Auch wenn der Entwurf positive Signale in Richtung Energiewende sendet – zum Beispiel die geplante Gewinnbeteiligung der Kommunen am Ausbau der Windenergie –, besteht nach wie vor großer Handlungsbedarf. Denn die Gesetzesvorlage legt auch dem Ausbau der Solarenergie Steine in den Weg. Bislang haben Besitzer von Photovoltaikanlagen nicht nur davon profitiert, dass sie günstig grünen Strom für den Eigenbedarf produzieren konnten – der Überschussstrom wurde auch problemlos in das öffentliche Netz eingespeist und mit dem EEG vergütet.

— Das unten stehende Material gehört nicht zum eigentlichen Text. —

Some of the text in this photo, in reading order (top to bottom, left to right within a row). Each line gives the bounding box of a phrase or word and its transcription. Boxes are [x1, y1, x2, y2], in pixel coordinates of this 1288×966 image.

Photovoltaik-Anlagen könnten unattraktiv werden

Mit der vorgeschlagenen EEG-Novelle erhalten Photovoltaik-Kleinanlagen, die im nächsten Jahr aus der EEG-Förderung fallen, zwar eine Anschlusslösung für die nächsten sieben Jahre. Allerdings wird der eingespeiste Strom künftig nur noch mit dem Marktwert vergütet, der abzüglich der Vermarktungskosten in den vergangenen Jahren bei gut 3 Cent pro Kilowattstunde lag. Und: Wenn Anlagenbesitzer ihren Strom einspeisen möchten, müssen sie das künftig mit dem kompletten Strom tun. Sie dürfen also nichts selbst verbrauchen und müssten deshalb den Strom für ihren Eigenbedarf zum teuren deutschen Strompreis einkaufen, der mehr als 30 Cent pro Kilowattstunde beträgt.

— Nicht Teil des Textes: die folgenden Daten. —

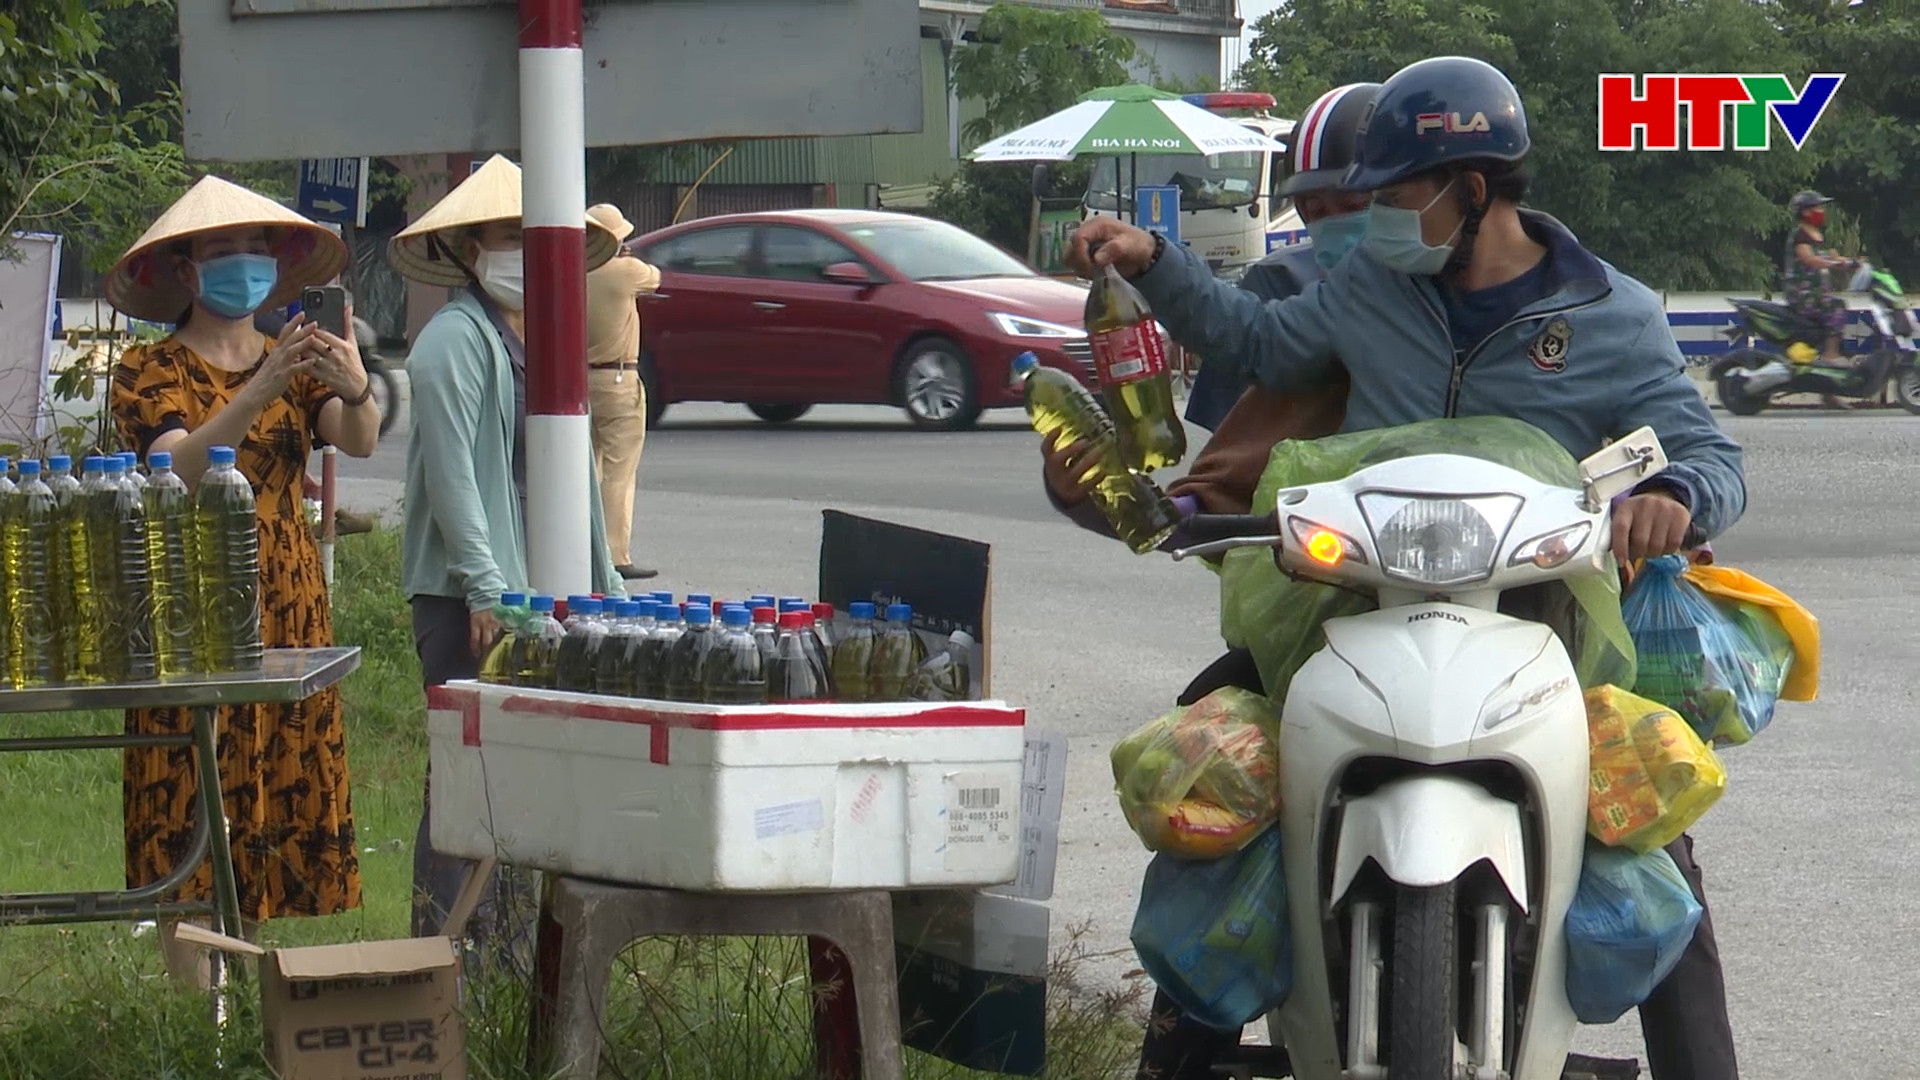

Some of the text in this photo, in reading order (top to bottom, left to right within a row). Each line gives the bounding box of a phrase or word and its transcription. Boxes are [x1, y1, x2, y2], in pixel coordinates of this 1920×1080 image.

Eine Ausnahme gibt es zwar, sie klingt aber auch nicht gerade verlockend: Wollen Anlagenbesitzer nur einen Teil ins Stromnetz einspeisen, brauchen sie intelligente Stromzähler, deren Anschaffung und Betrieb zusätzliche Kosten verursacht.Eine weitere Änderung könnte den Zubau von Solarenergie ebenfalls ausbremsen: Schon ab einer Erzeugung von 100 Kilowattstunden müssen Dachanlagen ab 2025 an Ausschreibungen teilnehmen. Darunter fallen zwar keine kleineren Wohngebäude, wohl aber gewerbliche Fertigungshallen. Da der Eigenverbrauch auch hier untersagt ist, werden auch Unternehmen in Zukunft nicht mehr von ihrem günstigen Eigenstrom profitieren können. Dies wird den Ausbau der Solarenergie nicht gerade beflügeln.